Chiamatemi «la moglie di Lot». No, non mi sono girata per vedere Dio ripulire Gomorra con il suo napalm di fuoco e di zolfo. Ma adesso sarei una statua di sale. Carne e ossa incrostate di bianco, sul fondo gelido dell’oceano. Sentirei la carezza oleosa dell’alga, se quella mattina non avessi avuto nella tasca a tenuta stagna del mio giubbotto autogonfiabile Sea Safety il vetusto satellitare Samsung, che pesava come un ferro da stiro, ma macinava byte con l’impegno di un orologio svizzero. Non sarei qui, adesso, a battere questa memoria sulla tastiera immacolata del mio notebook Apple Air.
Sono una reporter di National Geographic. Ogni volta che mi pare di gorgogliare in un pozzo nero d’ansia; quando nella calca mattutina che s’imbottiglia alla metropolitana vedo solo i rimasugli sfilacciati di un corteo funebre; se mi prende la fregola di scendere in strada, afferrare per il bavero il primo che passa e gridargli in faccia il mio scontento, beh, allora non telefono allo strizzacervelli. Busso alla vetrata del mio capo, Jack Mirror. Lui mi accoglie, abbassa sul naso gli occhiali cerchiati di tartaruga, mi fissa per un paio di secondi, e mi fa: «Che mare vuoi?». E subito aggiunge: «Prenditi Frank. Settemila, come minimo...». È un parlare in codice. Frank è il più dotato fotografo marino in circolazione. Nelle vene e nelle iridi color pervinca ha acqua salmastra. Quando sulla copertina della rivista scintilla un suo scatto, National tira in edicola come un puledro imbizzarrito. Minimo settemila copie d’incremento. Furono molte volte tanto, quando Frank riprese il mostruoso cilindro verde dello tsunami, che ci rotolava addosso a centocinquanta miglia l’ora. Il mio pezzo è contorno, saporito, piccante, patinato: ma solo contorno.

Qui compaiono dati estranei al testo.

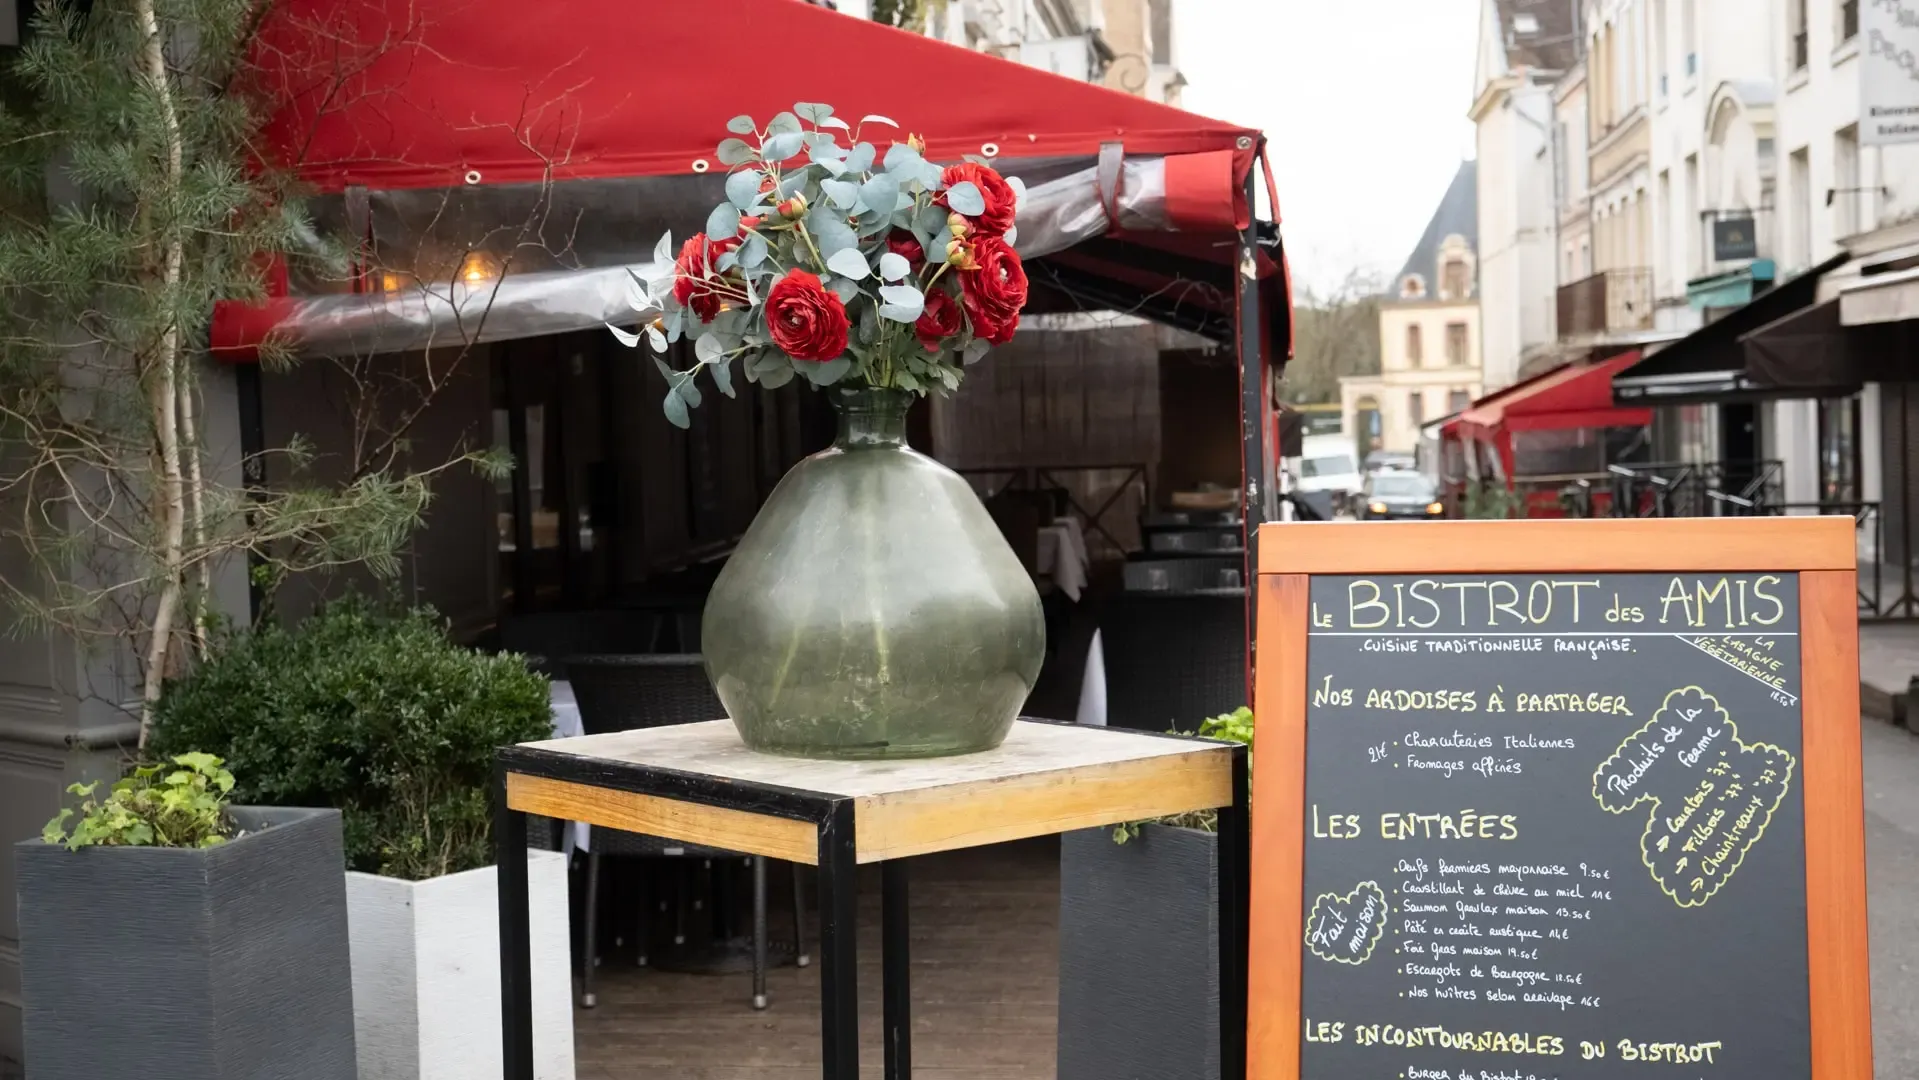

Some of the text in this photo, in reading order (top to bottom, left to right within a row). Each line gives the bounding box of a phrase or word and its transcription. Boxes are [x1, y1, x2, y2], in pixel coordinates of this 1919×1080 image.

[1348, 579, 1600, 628] BISTROT
[1659, 575, 1784, 628] AMIS
[1425, 638, 1543, 653] TRADITIONNELLE
[1722, 635, 1784, 671] LASAGNE
[1754, 636, 1776, 650] LA
[1694, 636, 1787, 689] VÉGÉTARIENNE
[1365, 688, 1477, 713] ARDOISES
[1486, 685, 1506, 713] À
[1516, 692, 1634, 717] PARTAGER
[1404, 730, 1576, 749] Charcuteries Italiennes
[1607, 707, 1702, 795] Produits de la
[1407, 754, 1522, 778] Fromages affinés
[1666, 780, 1715, 833] Courtois
[1381, 809, 1518, 840] ENTRÉES
[1702, 795, 1763, 876] Chaintreaux
[1438, 859, 1491, 876] fermiers
[1499, 863, 1569, 881] mayonnaise
[1473, 883, 1486, 896] de
[1534, 889, 1549, 897] au
[1556, 884, 1584, 898] miel
[1403, 898, 1448, 913] Saumon
[1505, 904, 1549, 915] maison
[1311, 905, 1348, 948] Fait
[1349, 894, 1379, 953] maison
[1404, 919, 1428, 935] Pâté
[1433, 927, 1445, 935] en
[1489, 924, 1543, 942] rustique
[1403, 940, 1425, 953] Foie
[1462, 945, 1502, 956] maison
[1406, 963, 1461, 984] Escargots
[1470, 965, 1485, 978] de
[1491, 965, 1550, 986] Bourgogne
[1408, 985, 1429, 998] Nos
[1435, 986, 1477, 1000] huîtres
[1486, 988, 1517, 1002] selon
[1523, 991, 1576, 1011] arrivage
[1305, 1019, 1722, 1065] LES INCONTOURNABLES DU BISTROT
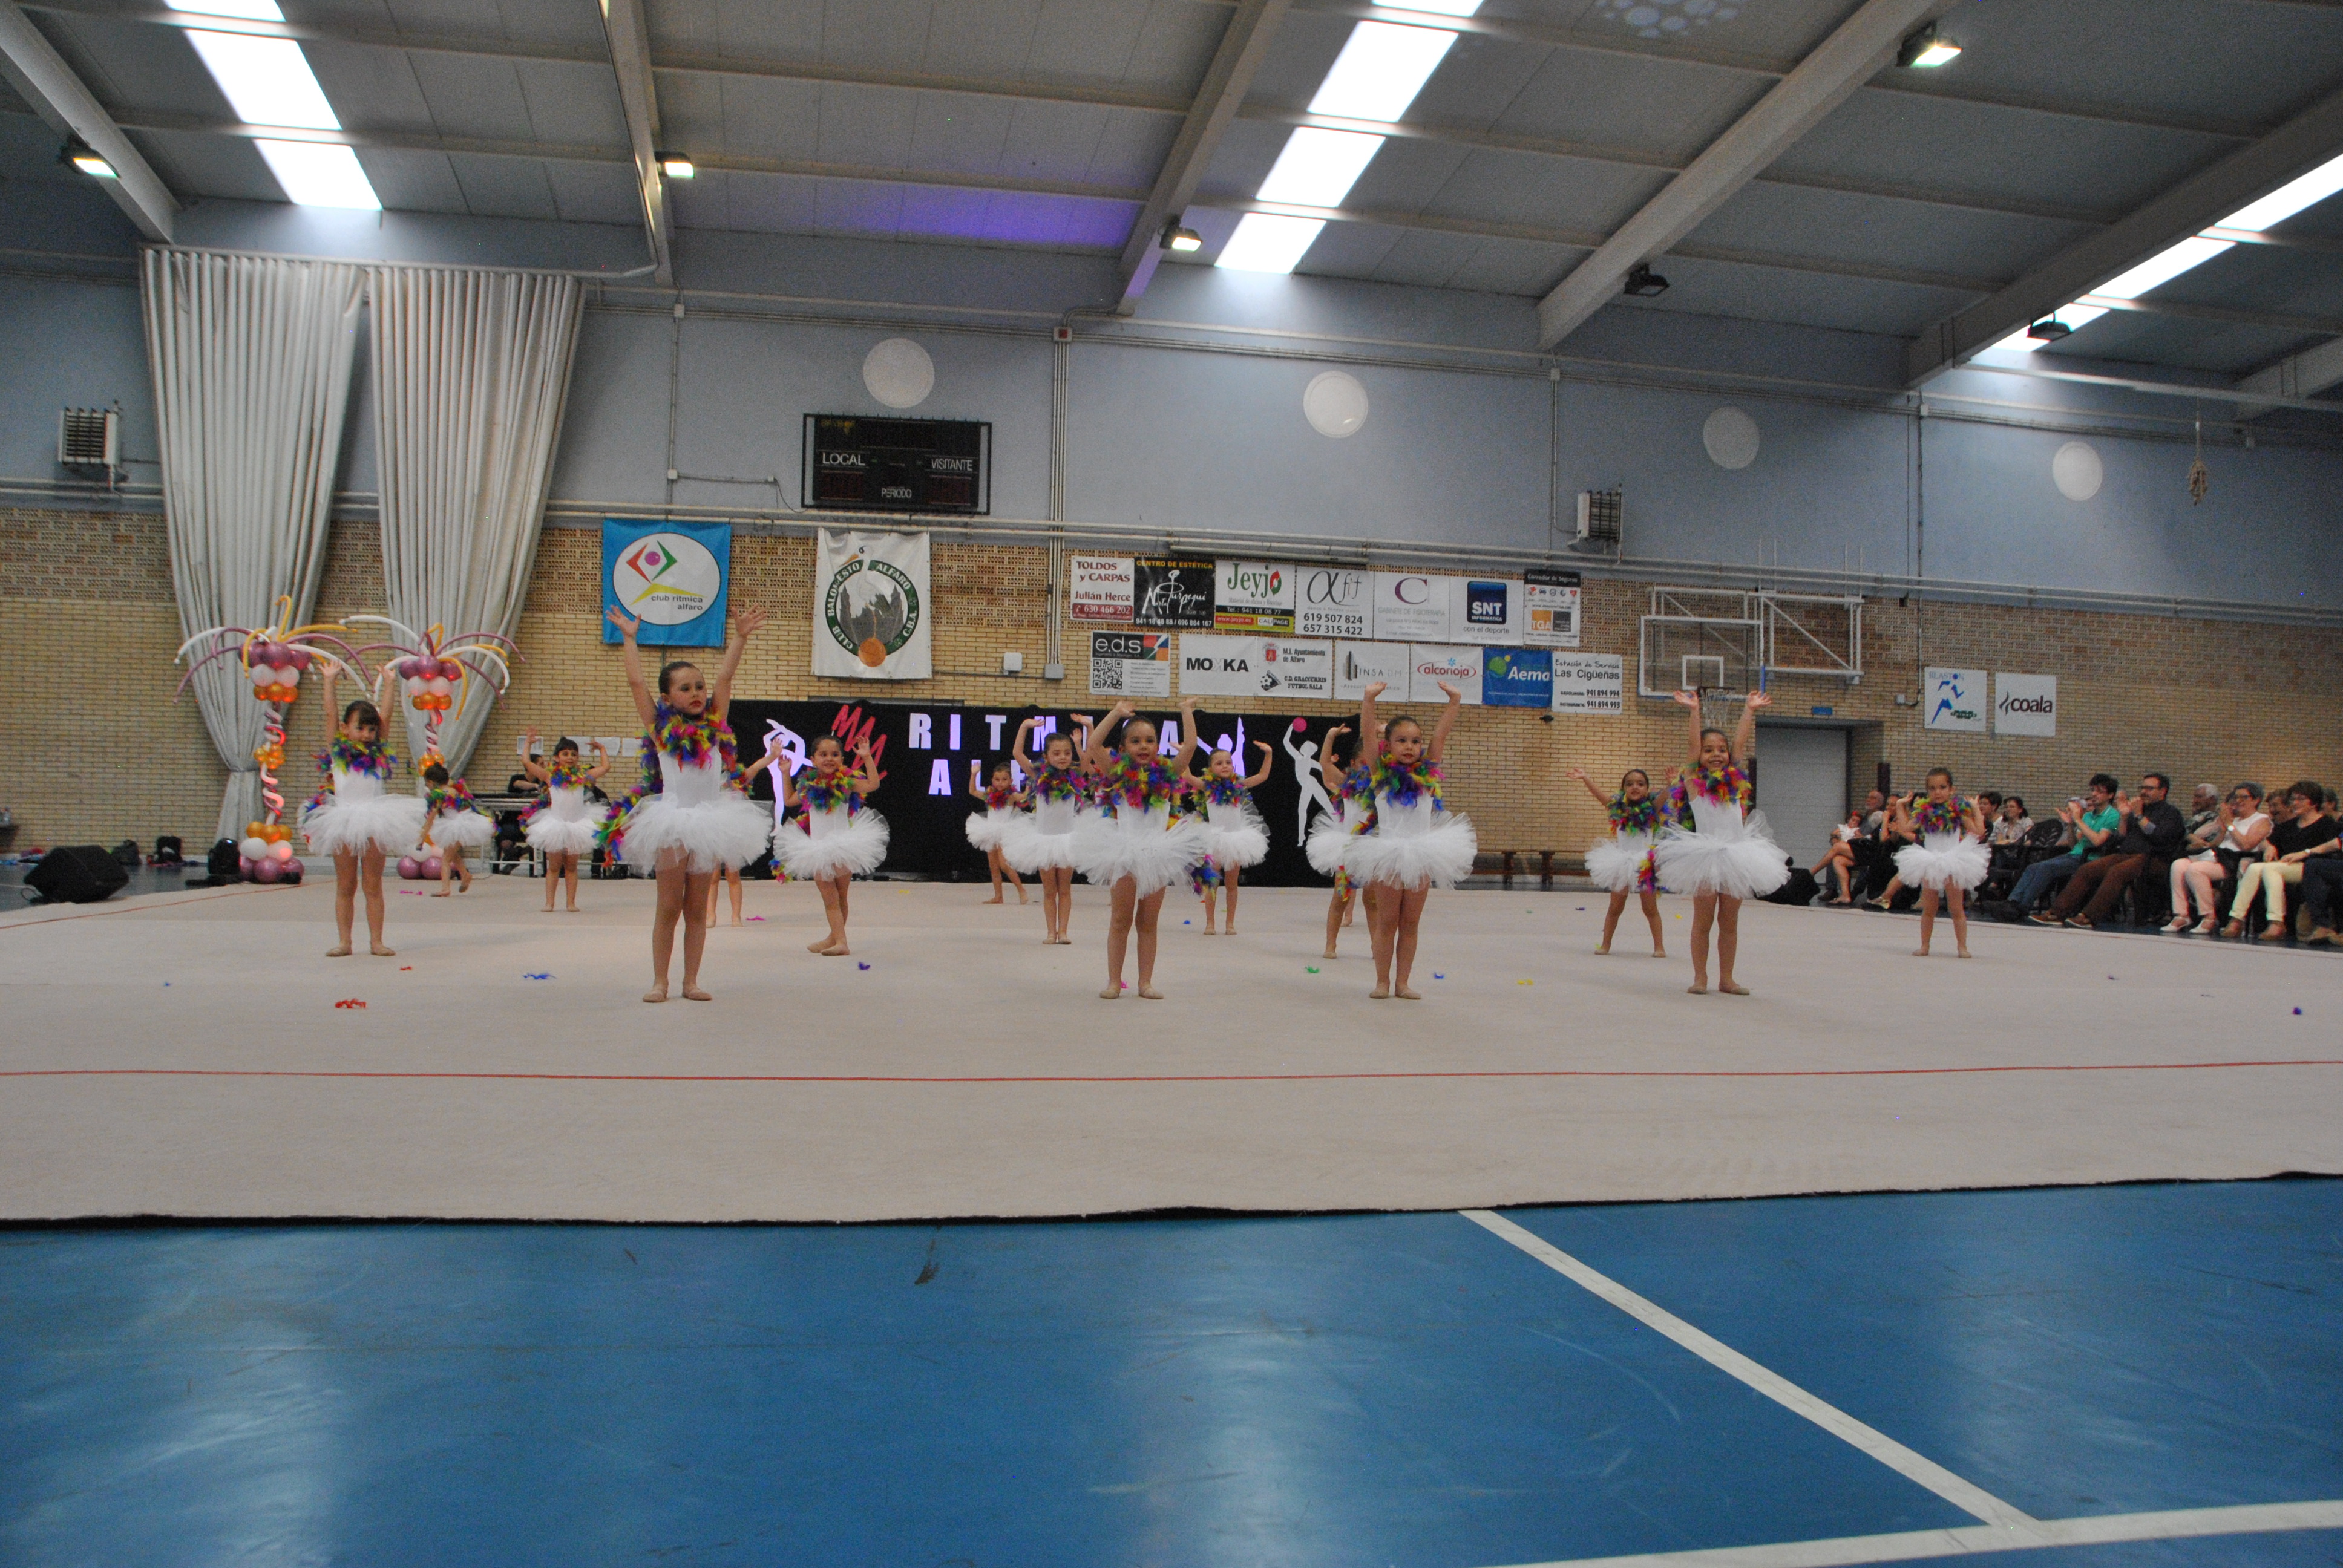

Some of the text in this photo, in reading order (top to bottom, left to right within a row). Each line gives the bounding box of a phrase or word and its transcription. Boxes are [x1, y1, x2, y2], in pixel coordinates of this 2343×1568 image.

[822, 452, 865, 466] LOCAL
[931, 458, 972, 471] VISITANTE
[881, 488, 912, 498] PERIODO
[1076, 561, 1118, 570] TOLDOS
[1079, 573, 1130, 583] y CARPAS
[1227, 562, 1282, 599] Jeyjo
[1075, 590, 1131, 601] Julián Herce
[832, 625, 853, 649] CLUB
[877, 563, 911, 590] ALFARO
[1084, 604, 1098, 613] 630
[1116, 606, 1130, 614] 202
[1472, 601, 1502, 615] SNT
[1303, 612, 1363, 624] 619 507 824
[1303, 624, 1363, 636] 657 315 422
[1531, 619, 1552, 630] TGA
[1095, 636, 1141, 653] e.d.s
[1424, 662, 1469, 679] alcorioja
[1507, 665, 1550, 681] Aema
[1555, 668, 1571, 677] Las
[1610, 701, 1620, 709] 993
[2010, 694, 2053, 713] coala
[908, 713, 1180, 756] RITMIA

Il mare. Per me è la linfa della vita. «Oceano Indiano» risposi. «C’è il capitano Achab, laggiù, e dice che sta per trivellare Moby Oil, il più grande giacimento di oro nero al mondo. Forse può salvare l’occidente dal capestro degli sceicchi. O prolungarne l’agonia, per un po’... È a bordo della Pequod, la sua mitica piattaforma petrolifera navigante. Ha il dito sul grilletto del suo arpione fumante di acciaio e di iridio, una trivella da novemila piedi. Vuoi che mi perda il momento? Devo saperne di più. Voglio raccontare la sua storia. Merita il servizio d’apertura, questo mese...».
Due giorni dopo, il Bell 206 della Guardia Costiera delle Maldive ci scodellava - me, Frank e il suo grappolo di Nikon veterane - nel cerchio dipinto in giallo che segnava il punto d’atterraggio sul ponte superiore della Pequod. Crescendo di rotori, e in pochi attimi l’agile elicottero argentato era una pulce brillante contro il violaceo dei cumuli monsonici che ingombravano il cielo equatoriale. Jack Mirror non lesinava sulle spese vive, quando fiutava copertine olezzanti di dollari. E con il barile di greggio in volo verso i duecento, la storia di Achab alla caccia di Moby Oil prometteva più che bene. Quanto a me, mi sentivo intorno, acuto e persistente, un aroma di Pulitzer.
«Può presentarmi al capitano Achab?» abbaiai contro il vento a quello che mi parve l’ufficiale in seconda, un uomo dall’espressione tranquilla e decisa, che mi tese la destra e, con la sinistra, si sfilò dal collo un grosso binocolo da marina, marca giapponese, offrendomelo. «Il capitano Achab?» rispose «cerchi laggiù...» aggiunse, indicandomi un punto sulla lastra smaltata di rame dell’oceano al tramonto.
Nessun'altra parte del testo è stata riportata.